━━━ Provided material

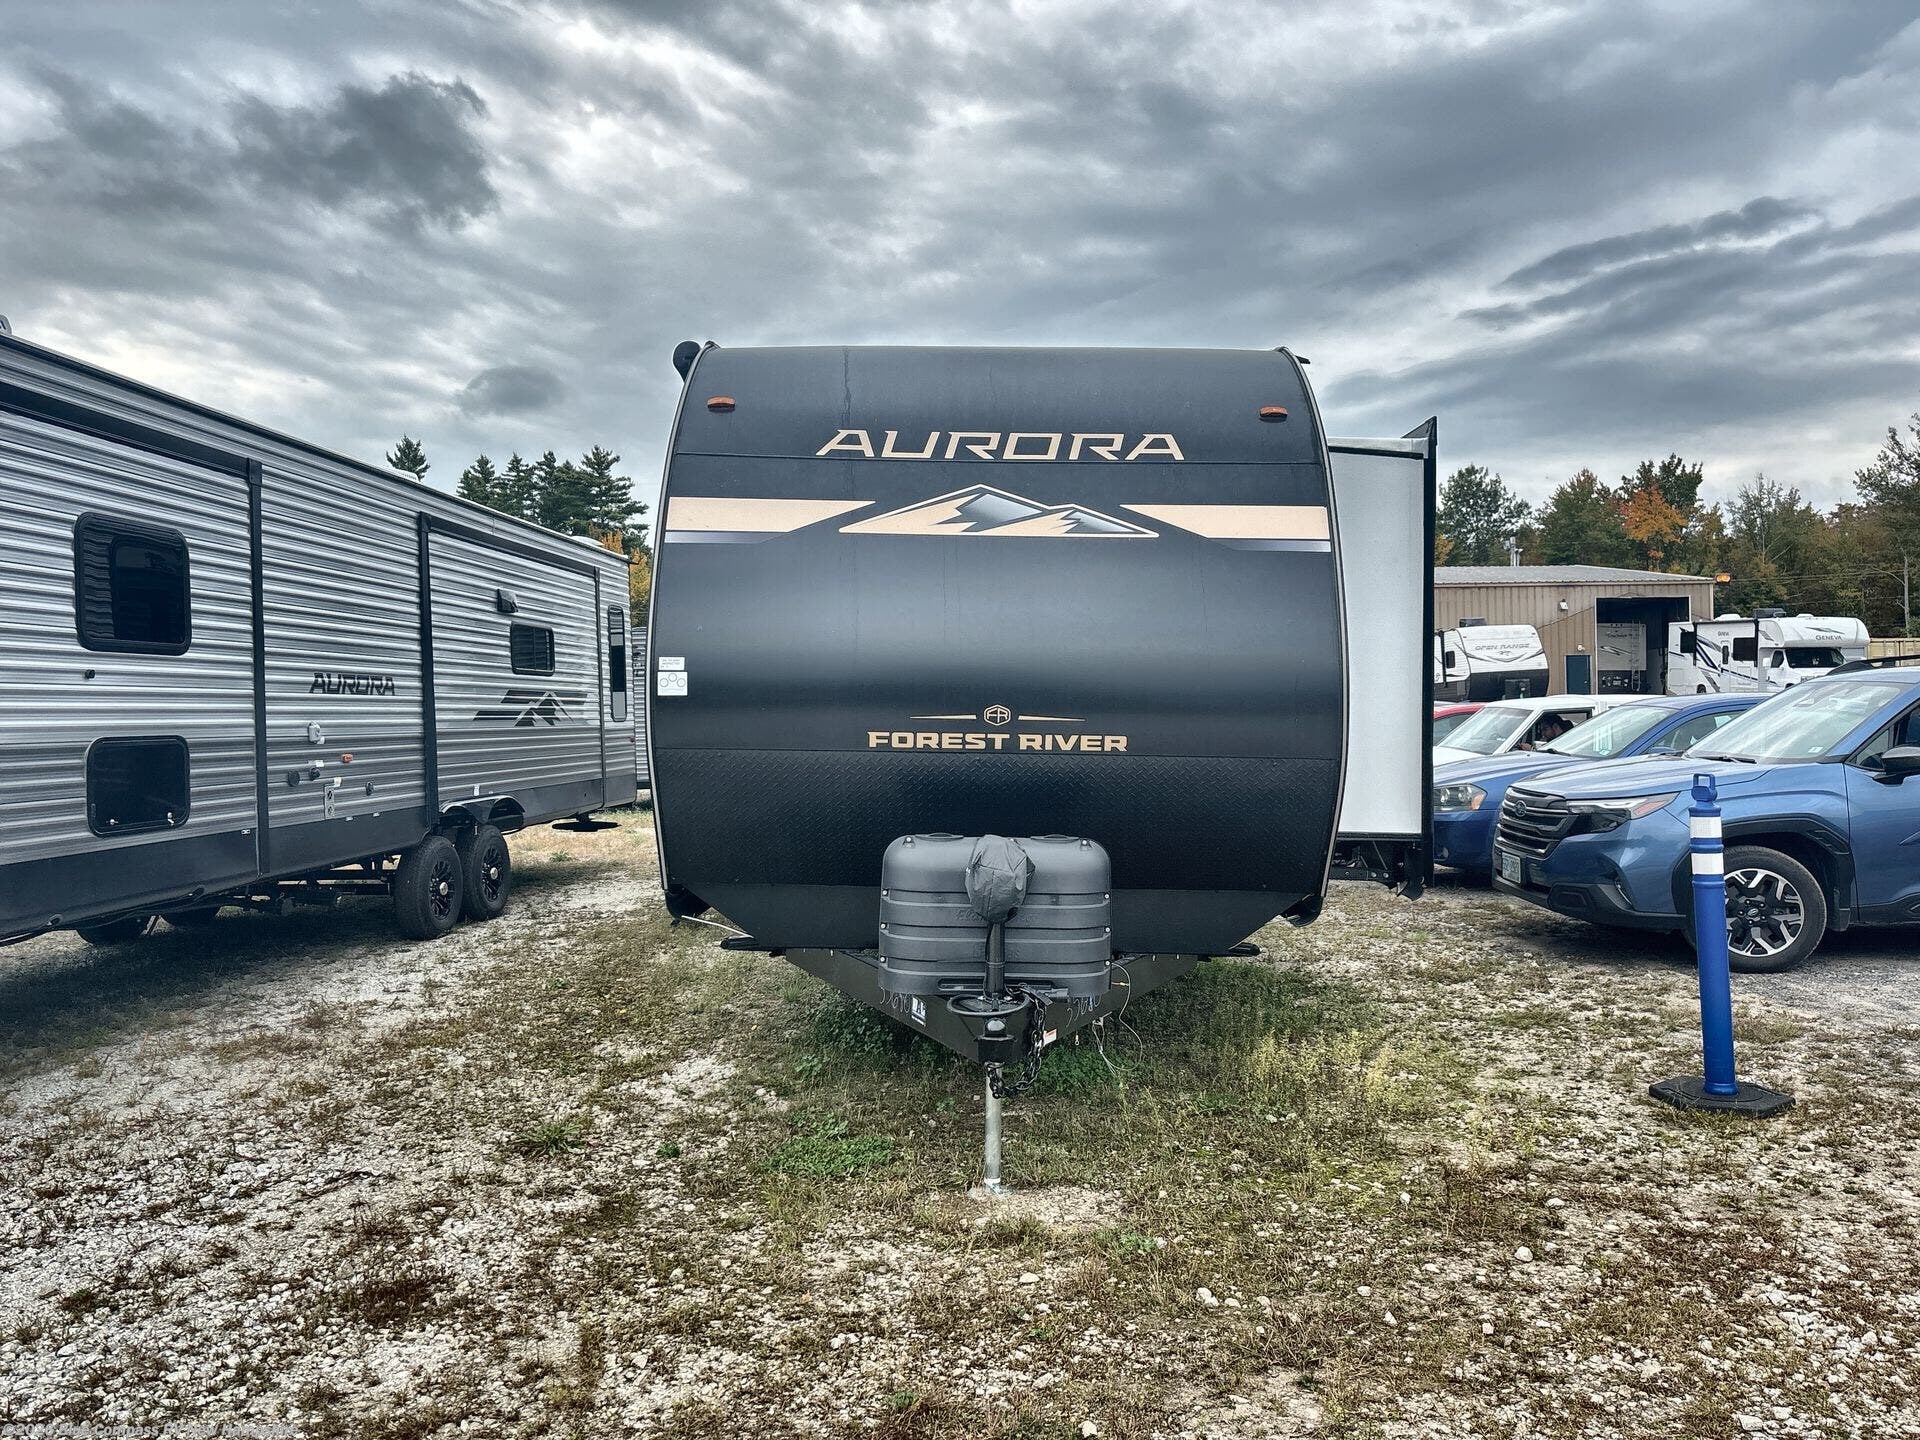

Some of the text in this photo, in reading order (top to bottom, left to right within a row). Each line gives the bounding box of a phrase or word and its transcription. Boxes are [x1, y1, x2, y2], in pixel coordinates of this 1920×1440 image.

[815, 429, 1185, 461] AURORA
[308, 672, 396, 696] AURORA
[867, 731, 1128, 752] FOREST RIVER
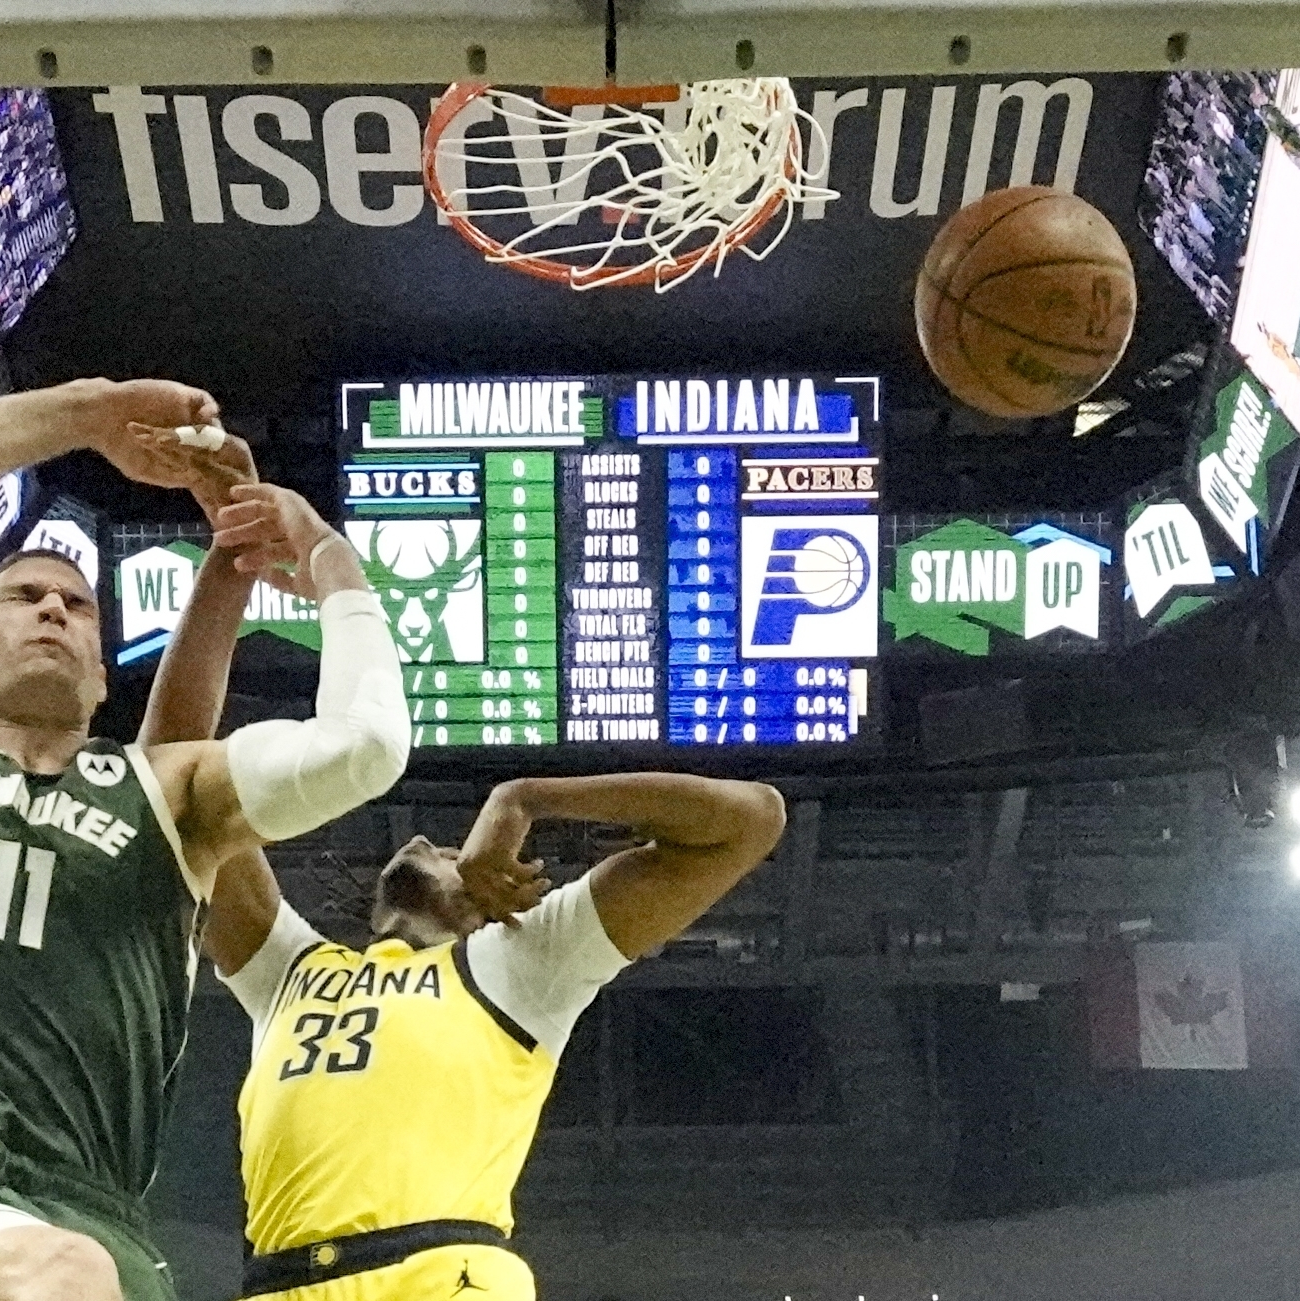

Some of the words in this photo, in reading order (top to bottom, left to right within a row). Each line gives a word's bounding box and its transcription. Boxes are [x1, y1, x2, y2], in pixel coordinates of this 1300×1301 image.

[400, 382, 585, 435] MILWAUKEE
[637, 379, 819, 432] INDIANA
[1223, 381, 1272, 489] SCORE!!
[512, 458, 525, 476] 0
[582, 454, 640, 475] ASSISTS
[697, 457, 710, 475] 0
[348, 471, 476, 496] BUCKS
[748, 467, 874, 490] PACERS
[513, 487, 525, 505] 0
[584, 481, 638, 503] BLOCKS
[697, 485, 710, 503] 0
[1208, 467, 1240, 522] WE
[513, 513, 526, 531] 0
[587, 508, 636, 529] STEALS
[697, 511, 710, 530] 0
[513, 540, 526, 558] 0
[584, 535, 609, 556] OFF
[697, 537, 710, 556] 0
[514, 567, 527, 585] 0
[697, 565, 710, 583] 0
[911, 549, 1017, 603] STAND
[1062, 561, 1083, 609] UP
[1133, 521, 1190, 577] 'TIL
[136, 568, 179, 612] WE
[515, 594, 527, 612] 0
[572, 588, 652, 609] TURNOVERS
[697, 591, 710, 610] 0
[515, 620, 527, 638] 0
[579, 615, 618, 635] TOTAL
[622, 614, 646, 635] FLS
[697, 617, 710, 636] 0
[516, 646, 528, 664] 0
[624, 641, 649, 662] PTS
[697, 644, 710, 662] 0
[571, 667, 608, 689] FIELD
[611, 667, 654, 688] GOALS
[571, 693, 654, 715] 3-POINTERS
[567, 720, 599, 741] FREE
[601, 719, 659, 741] THROWS
[279, 1006, 380, 1081] 33
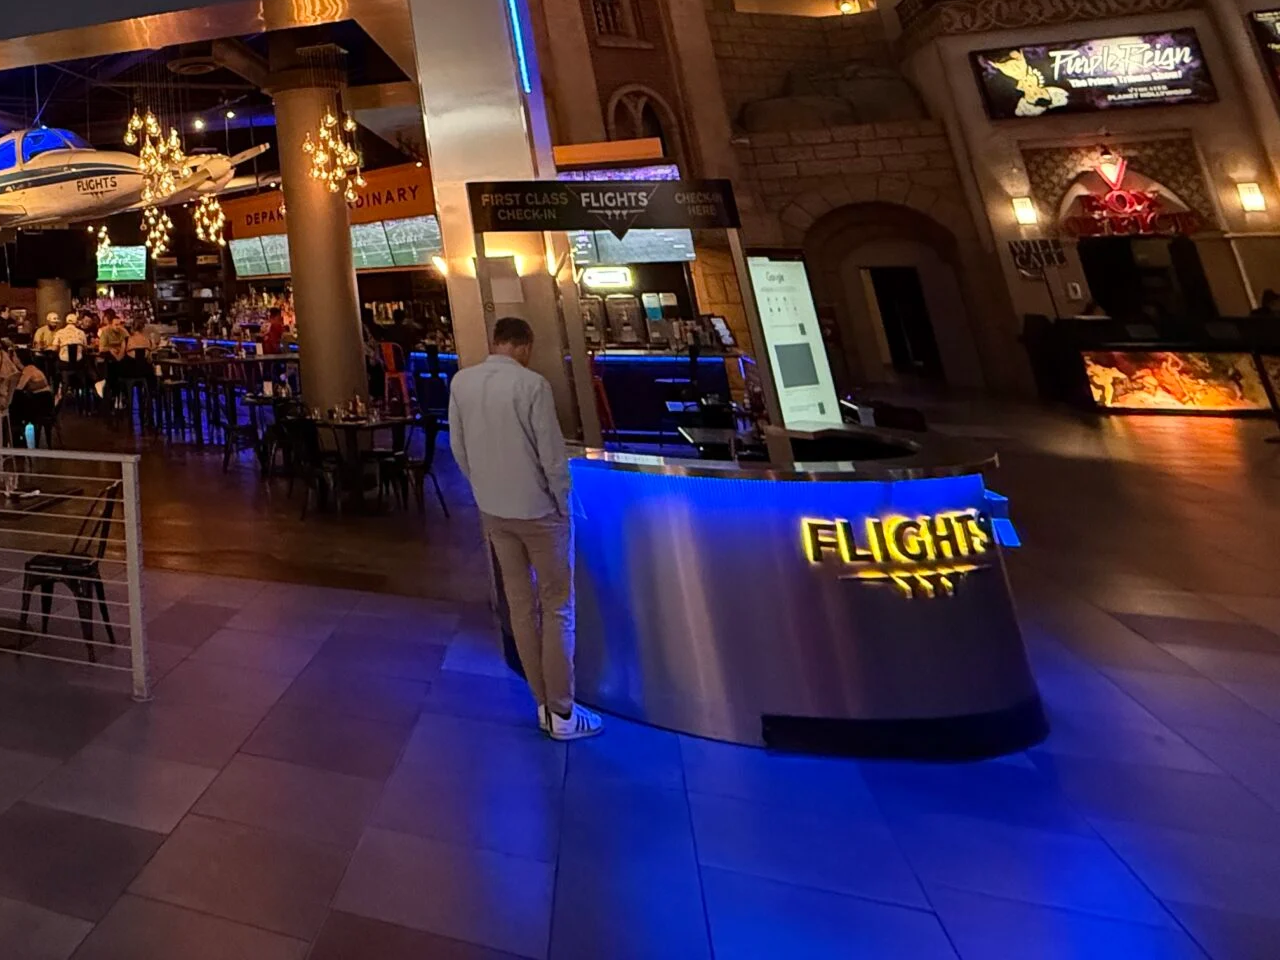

━━━━━━

▶ _Task details_
The preceding entries are to be returned verbatim, with every picture excluded.

▶ _Exercise result_
Some of the text in this photo, in reading order (top to bottom, left to right within a row). Each line gives the bounding box of a phrase or word and its transcription. Boxes are [x1, y1, x2, y2], in pixel coordinates of this 1920×1440 image.

[815, 429, 1185, 461] AURORA
[308, 672, 396, 696] AURORA
[867, 731, 1128, 752] FOREST RIVER

Some of the words in this photo, in reading order (top to bottom, left to right within a row). Each line gives a word's bounding box and its transcription. Boxes are [x1, y1, x2, y2], in pixel coordinates of this 1300×1301 image.

[400, 382, 585, 435] MILWAUKEE
[637, 379, 819, 432] INDIANA
[1223, 381, 1272, 489] SCORE!!
[512, 458, 525, 476] 0
[582, 454, 640, 475] ASSISTS
[697, 457, 710, 475] 0
[348, 471, 476, 496] BUCKS
[748, 467, 874, 490] PACERS
[513, 487, 525, 505] 0
[584, 481, 638, 503] BLOCKS
[697, 485, 710, 503] 0
[1208, 467, 1240, 522] WE
[513, 513, 526, 531] 0
[587, 508, 636, 529] STEALS
[697, 511, 710, 530] 0
[513, 540, 526, 558] 0
[584, 535, 609, 556] OFF
[697, 537, 710, 556] 0
[514, 567, 527, 585] 0
[697, 565, 710, 583] 0
[911, 549, 1017, 603] STAND
[1062, 561, 1083, 609] UP
[1133, 521, 1190, 577] 'TIL
[136, 568, 179, 612] WE
[515, 594, 527, 612] 0
[572, 588, 652, 609] TURNOVERS
[697, 591, 710, 610] 0
[515, 620, 527, 638] 0
[579, 615, 618, 635] TOTAL
[622, 614, 646, 635] FLS
[697, 617, 710, 636] 0
[516, 646, 528, 664] 0
[624, 641, 649, 662] PTS
[697, 644, 710, 662] 0
[571, 667, 608, 689] FIELD
[611, 667, 654, 688] GOALS
[571, 693, 654, 715] 3-POINTERS
[567, 720, 599, 741] FREE
[601, 719, 659, 741] THROWS
[279, 1006, 380, 1081] 33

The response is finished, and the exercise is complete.